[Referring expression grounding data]
----------

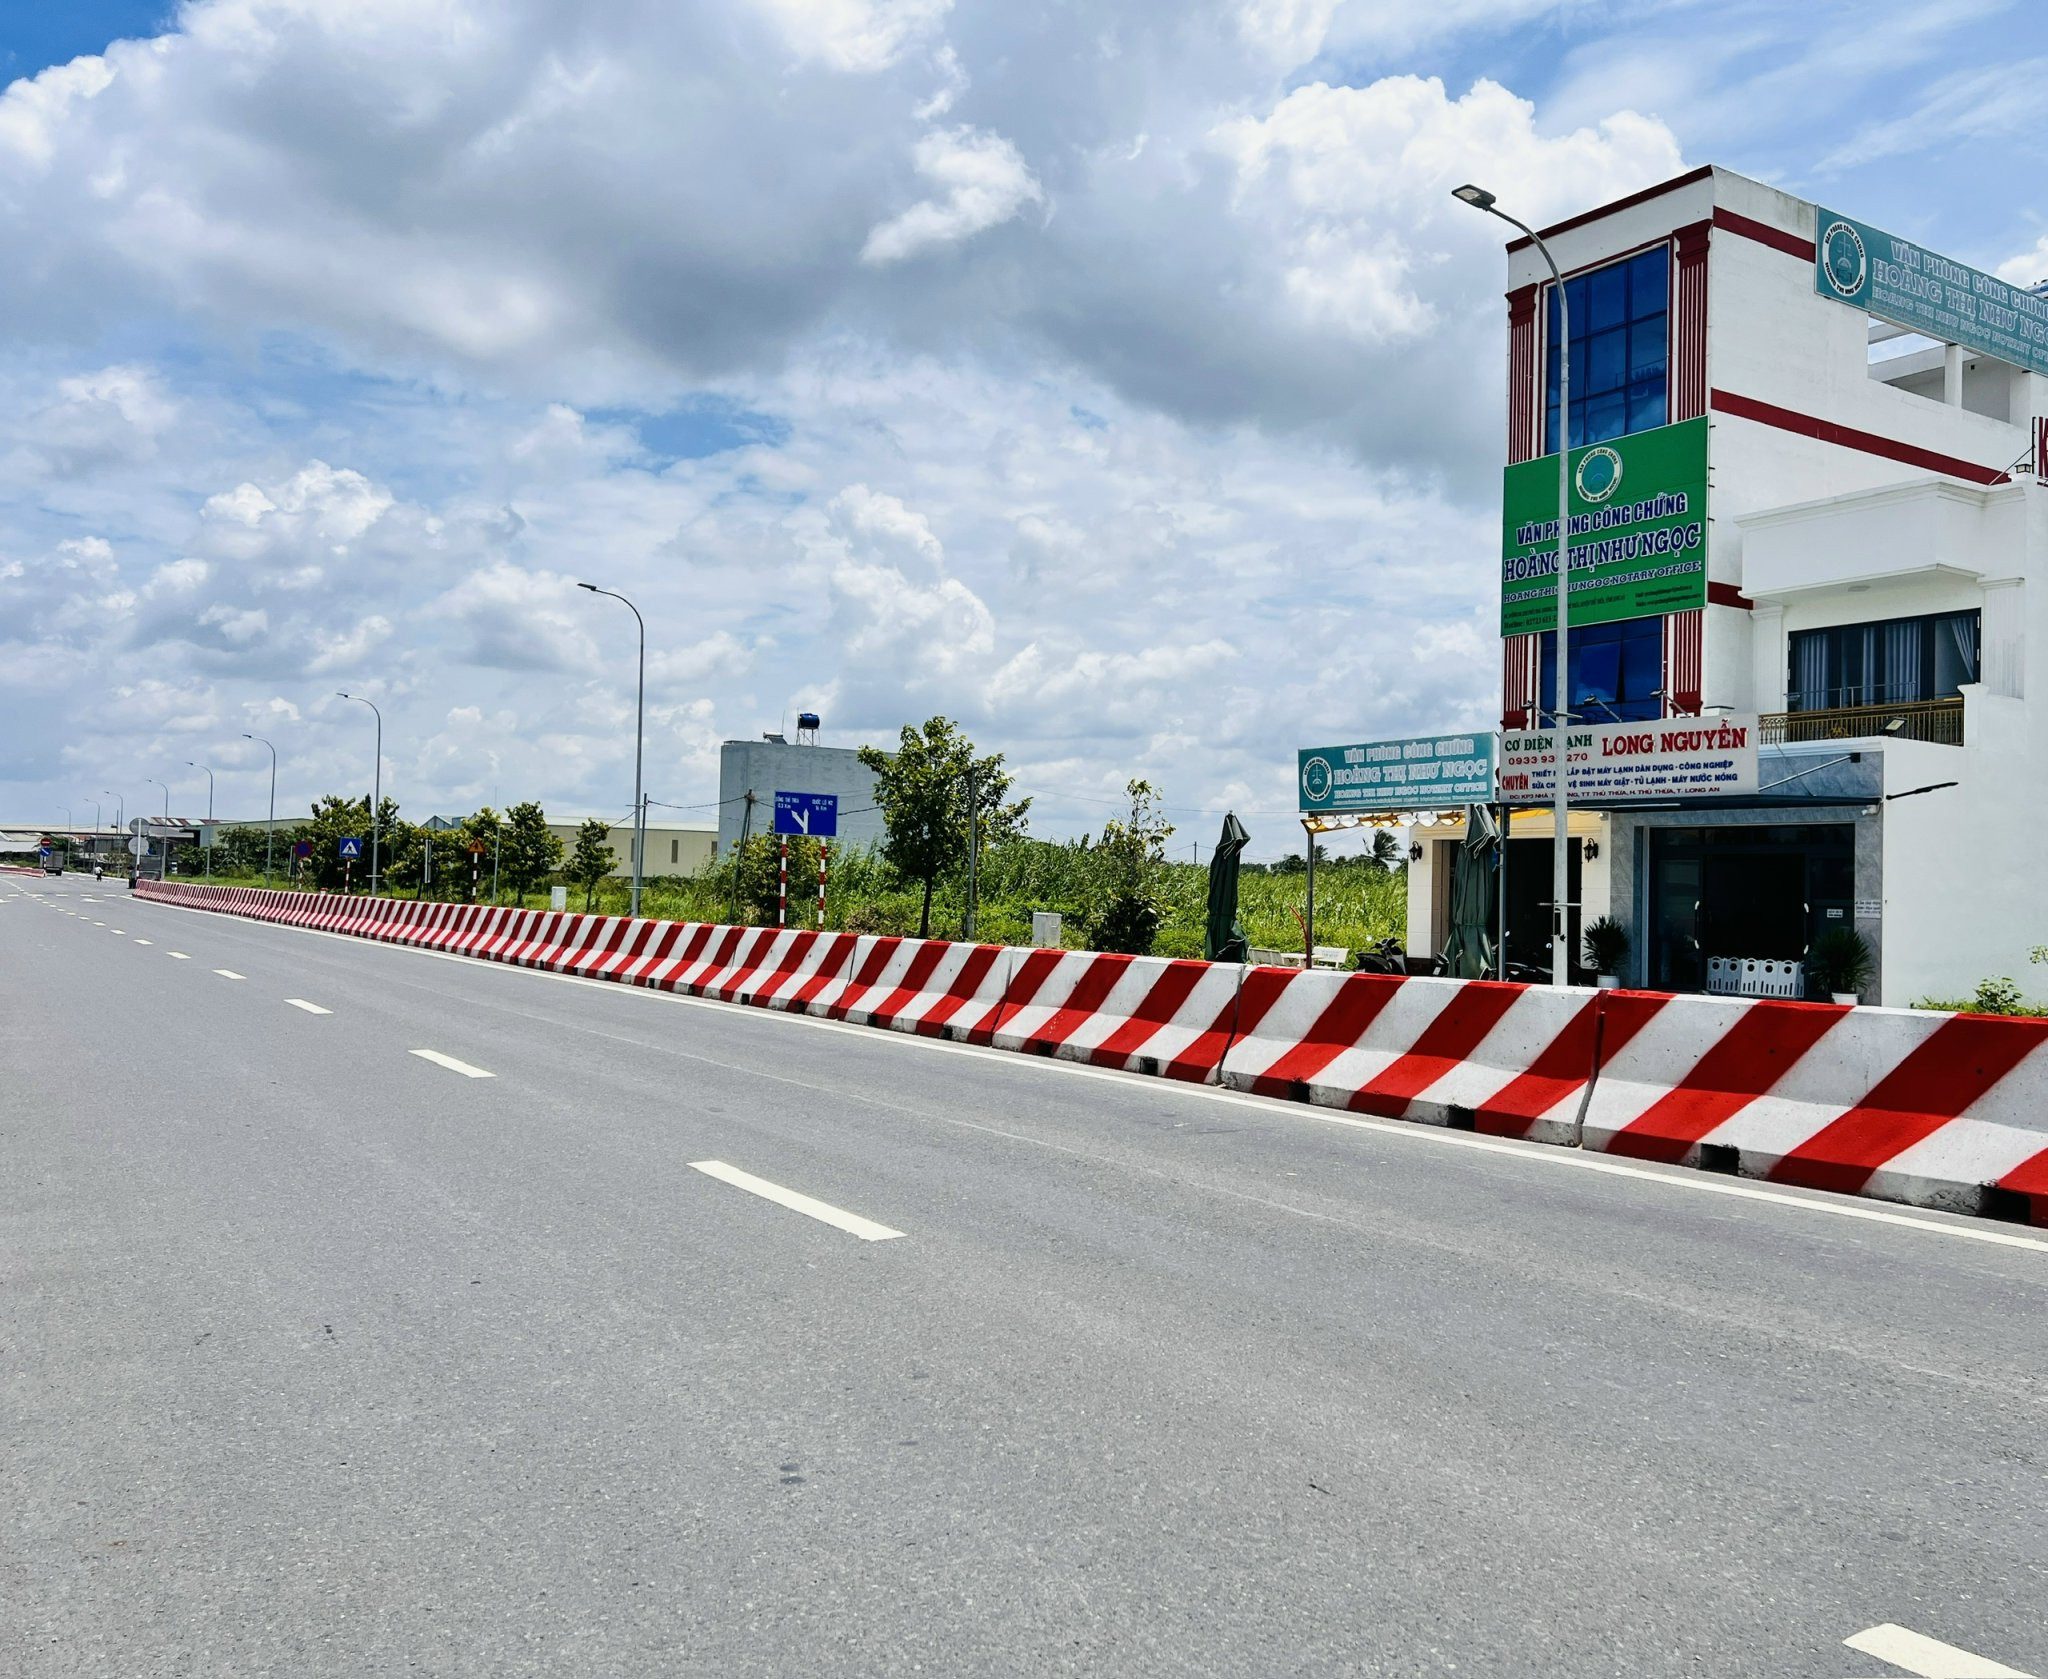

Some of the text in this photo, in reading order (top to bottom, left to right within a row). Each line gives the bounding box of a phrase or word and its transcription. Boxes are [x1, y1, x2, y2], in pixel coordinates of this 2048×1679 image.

[1890, 240, 1920, 269] VĂN
[1923, 254, 1970, 289] PHÒNG
[1973, 274, 2009, 304] CÔNG
[1873, 257, 1943, 304] HOÀNG
[1945, 285, 1977, 321] THỊ
[1979, 299, 2018, 332] NHƯ
[1516, 491, 1688, 546] VĂN PHNG CÔNG CHỨNG
[1567, 543, 1597, 573] THỊ
[1596, 531, 1642, 565] NHƯ
[1640, 522, 1701, 558] NGỌC
[1503, 589, 1538, 603] HOANG
[1538, 586, 1556, 597] THI
[1579, 576, 1612, 591] NGOC
[1611, 569, 1657, 586] NOTARY
[1656, 560, 1702, 577] OFFICE
[1504, 734, 1593, 753] CƠ ĐIỆN ẠNH
[1602, 718, 1747, 757] LONG NGUYỄN
[1333, 764, 1382, 786] HOÀNG
[1407, 760, 1442, 781] NHƯ
[1442, 758, 1488, 781] NGỌC
[1508, 756, 1538, 766] 0933
[1566, 752, 1588, 762] 270
[1531, 769, 1552, 778] THIẾT
[1613, 766, 1634, 775] LẠNH
[1679, 761, 1702, 770] CÔNG
[1703, 759, 1734, 770] NGHIỆP
[1502, 772, 1529, 791] CHUYÊN
[1646, 776, 1667, 786] LẠNH
[1714, 772, 1738, 782] NÓNG

----------

Your goal: Would you output all of the entries above exactly, keeping the pictures out?

Answer space:
Some of the text in this photo, in reading order (top to bottom, left to right within a row). Each line gives the bounding box of a phrase or word and its transcription. Boxes are [x1, y1, x2, y2], in pixel coordinates of this 2048×1679 image.

[1890, 240, 1920, 269] VĂN
[1923, 254, 1970, 289] PHÒNG
[1973, 274, 2009, 304] CÔNG
[1873, 257, 1943, 304] HOÀNG
[1945, 285, 1977, 321] THỊ
[1979, 299, 2018, 332] NHƯ
[1516, 491, 1688, 546] VĂN PHNG CÔNG CHỨNG
[1567, 543, 1597, 573] THỊ
[1596, 531, 1642, 565] NHƯ
[1640, 522, 1701, 558] NGỌC
[1503, 589, 1538, 603] HOANG
[1538, 586, 1556, 597] THI
[1579, 576, 1612, 591] NGOC
[1611, 569, 1657, 586] NOTARY
[1656, 560, 1702, 577] OFFICE
[1504, 734, 1593, 753] CƠ ĐIỆN ẠNH
[1602, 718, 1747, 757] LONG NGUYỄN
[1333, 764, 1382, 786] HOÀNG
[1407, 760, 1442, 781] NHƯ
[1442, 758, 1488, 781] NGỌC
[1508, 756, 1538, 766] 0933
[1566, 752, 1588, 762] 270
[1531, 769, 1552, 778] THIẾT
[1613, 766, 1634, 775] LẠNH
[1679, 761, 1702, 770] CÔNG
[1703, 759, 1734, 770] NGHIỆP
[1502, 772, 1529, 791] CHUYÊN
[1646, 776, 1667, 786] LẠNH
[1714, 772, 1738, 782] NÓNG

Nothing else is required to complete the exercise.